Gilgamesh made small talk and stated his questions.

“No Sports, no abnormal Focuses, nothing along those lines,” Watchmaker said.  “Beast Men, though.  Too many of them.  All the time.”

“Really?”

“Yah,” Watchmaker said, punctuating his words with a wave of his handgun.  One of his dog pack, a poodle-collie mix, came up to sniff Gilgamesh’s legs, then walked away.  Gilgamesh held his ground, but he did change his rotten egg selection from a metasense scramble to one able to cause fear in animals.  “The others don’t believe me because they don’t have the metasense to pierce the masking they or the Beast’s Crows are furnishing.”

“Are there any out tonight?”

“Nope.  Actually, I haven’t sensed any of them since the damned Arm moved in a few weeks ago,” Watchmaker said.  “There’s one Beast who was real strange, though.  He was spying on Hard Luck’s place and he wore the form of a man.”

“Interesting,” Gilgamesh said.  “Any idea why?”

“Not a clue.”  Watchmaker paused.  “Now be a fine Crow and hand over the tennis ball in your left hand to Rex.”

Gilgamesh sighed and handed the fear rotten egg to a disquieting German shepherd, who took it back to his master.  Payment, he suspected.  “Has Stalin been doing anything strange recently?”

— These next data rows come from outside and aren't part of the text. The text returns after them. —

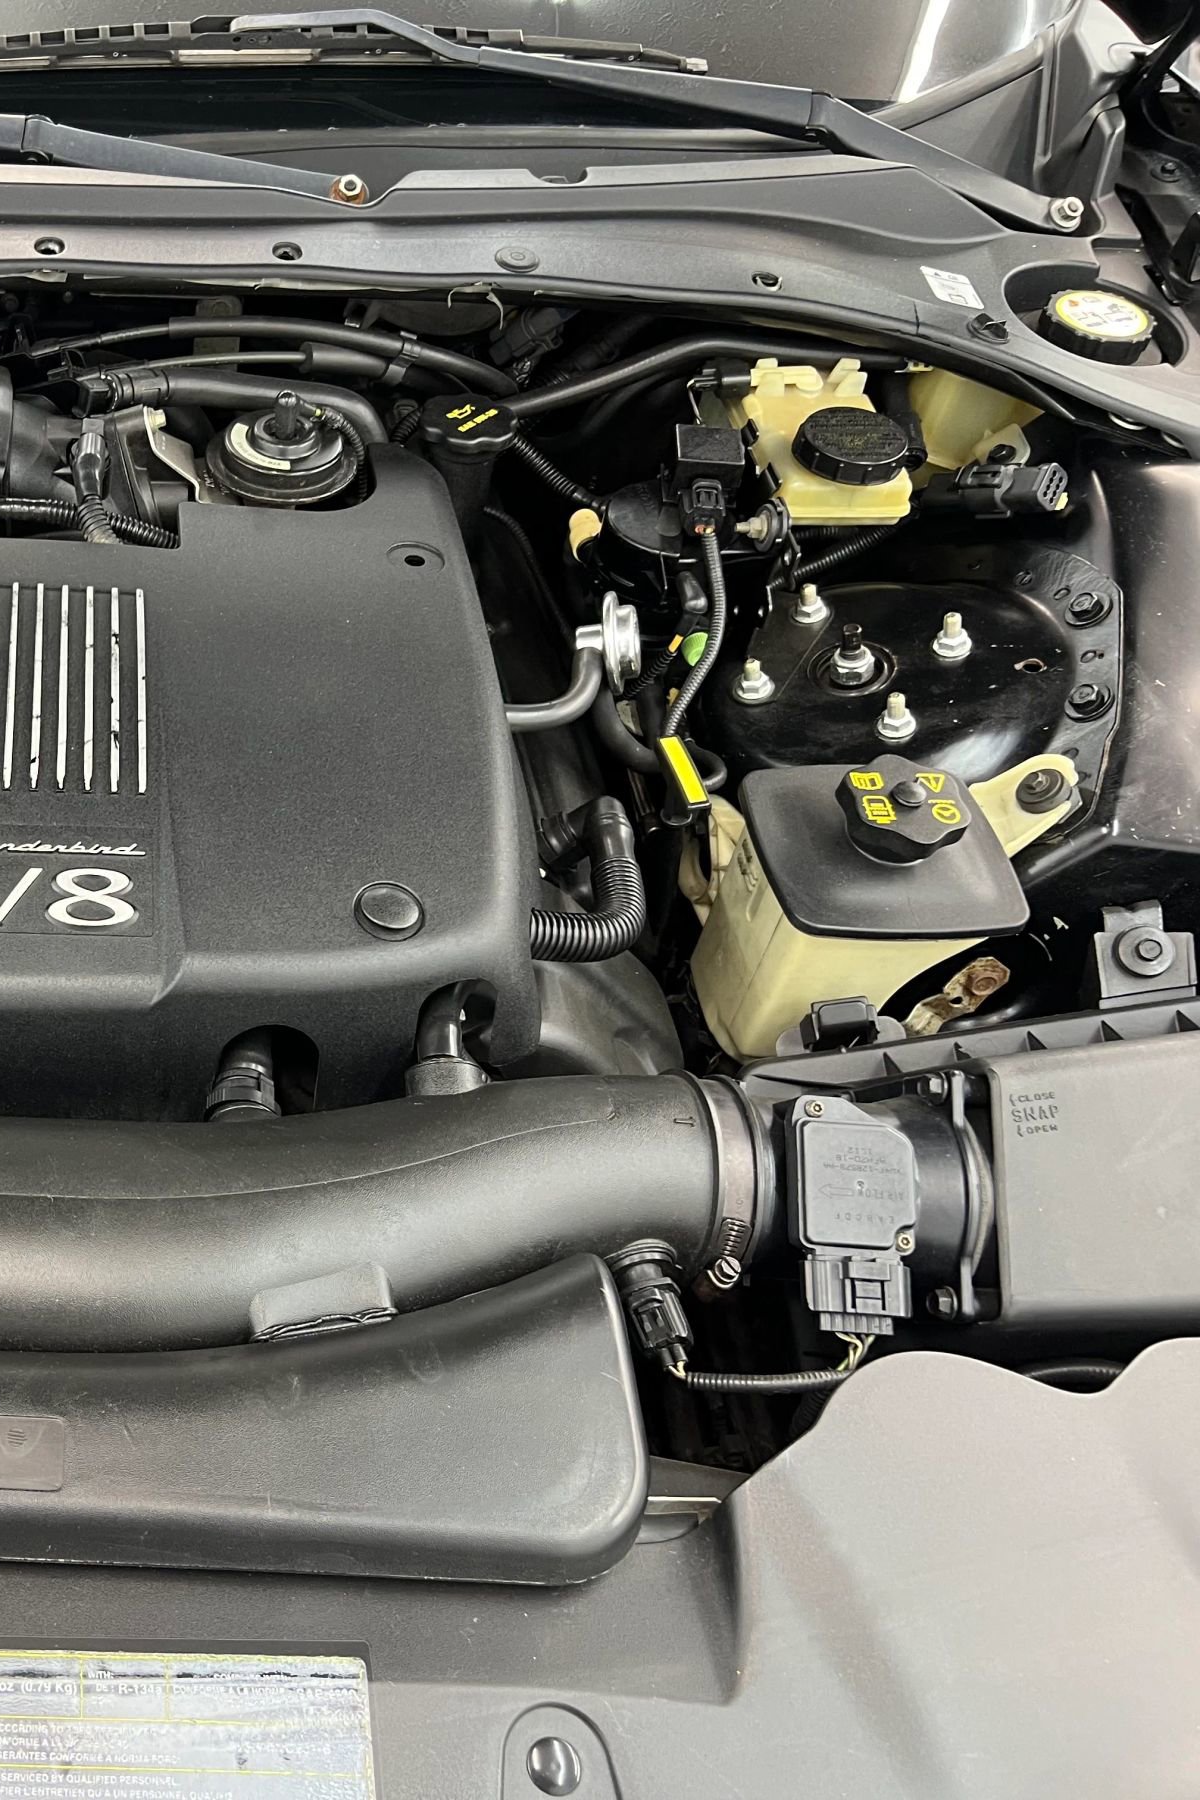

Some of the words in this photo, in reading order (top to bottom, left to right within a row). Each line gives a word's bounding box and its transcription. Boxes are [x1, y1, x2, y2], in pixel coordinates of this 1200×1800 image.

[1018, 1091, 1055, 1103] CLOSE
[1011, 1105, 1059, 1122] SNAP
[56, 1682, 77, 1695] Kg)
[0, 1773, 49, 1783] SERVICED
[66, 1774, 117, 1784] QUALIFIED

“That bitch?”  Watchmaker shook his head.  The older Crow lived close enough to Stalin’s place for Stalin’s tamed gristle dross cloud to weigh heavily on Gilgamesh’s mind.  He wondered if Stalin was able to move it to here, a mile and a half away.  Or how fast she could move it.  “She’s been quiet, housebound as normal, with her usual meetings with politicos and hard cases.”

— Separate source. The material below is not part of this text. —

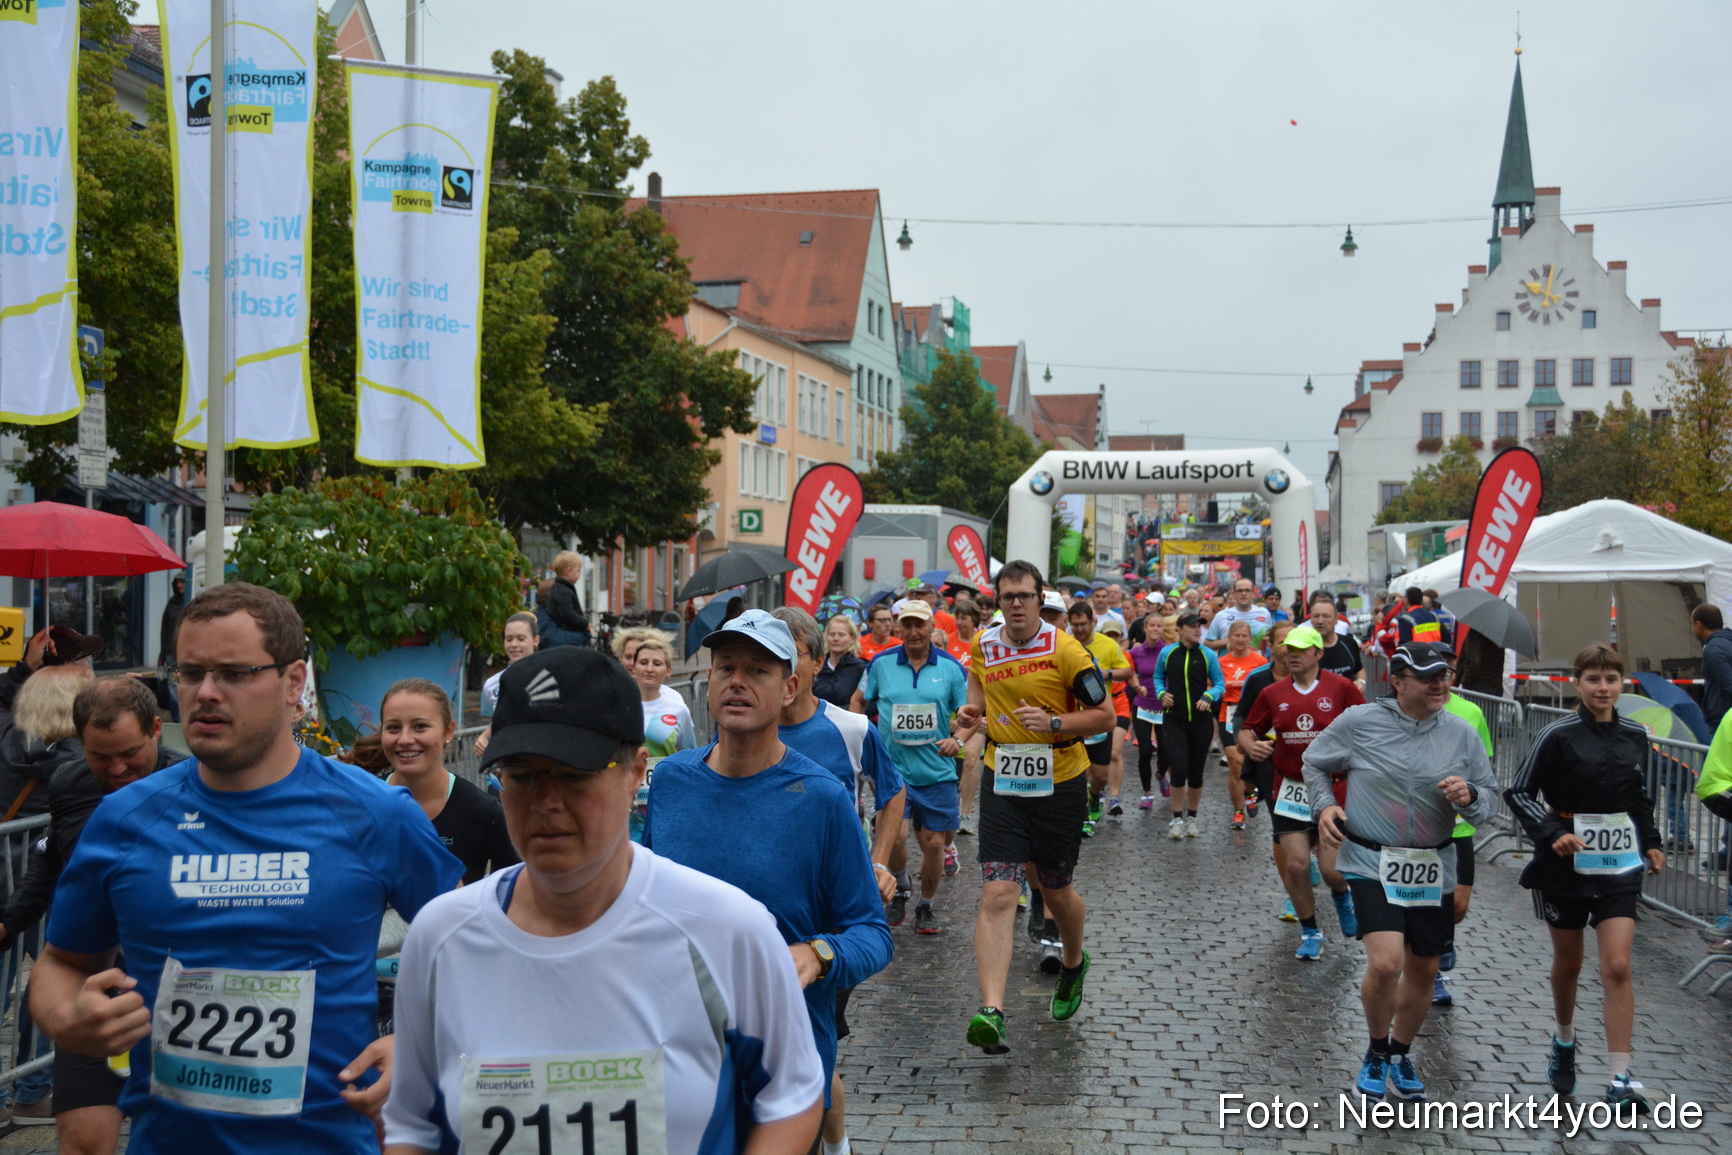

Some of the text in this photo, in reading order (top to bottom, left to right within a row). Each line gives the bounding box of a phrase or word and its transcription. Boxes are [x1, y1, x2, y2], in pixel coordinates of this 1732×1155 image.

This didn’t match the other stories.

“I heard a rumor she’s been doing Crow-hunting.”

Watchmaker snorted.  “Beast hunting, my guess.  She and her storm troopers canvassed the area around her dark tower for a week or two after the Beast Man rampage.  Nothing since.”

“Thank you very much, sir, for the information,” Gilgamesh said.  “I’m sorry, but I have to leave.  I have an appointment I need to get to.”

“Thanks?  For what?  Whatever mystery you’re hunting this time, it won’t be found around here,” Watchmaker said.  He holstered his pistol.

Gilgamesh waved and got on his bike.  Mystery solved.

 

---

 

Dingeman Park wasn’t much of a park, a few acres of frozen grass and naked trees, along with a few dingy piles of snow near the small parking lot.  The Focus and her seven uncomfortable people had arrived early, gotten bored, and were having a snowball fight while they waited.  Only two of her people stood, doing guard duty.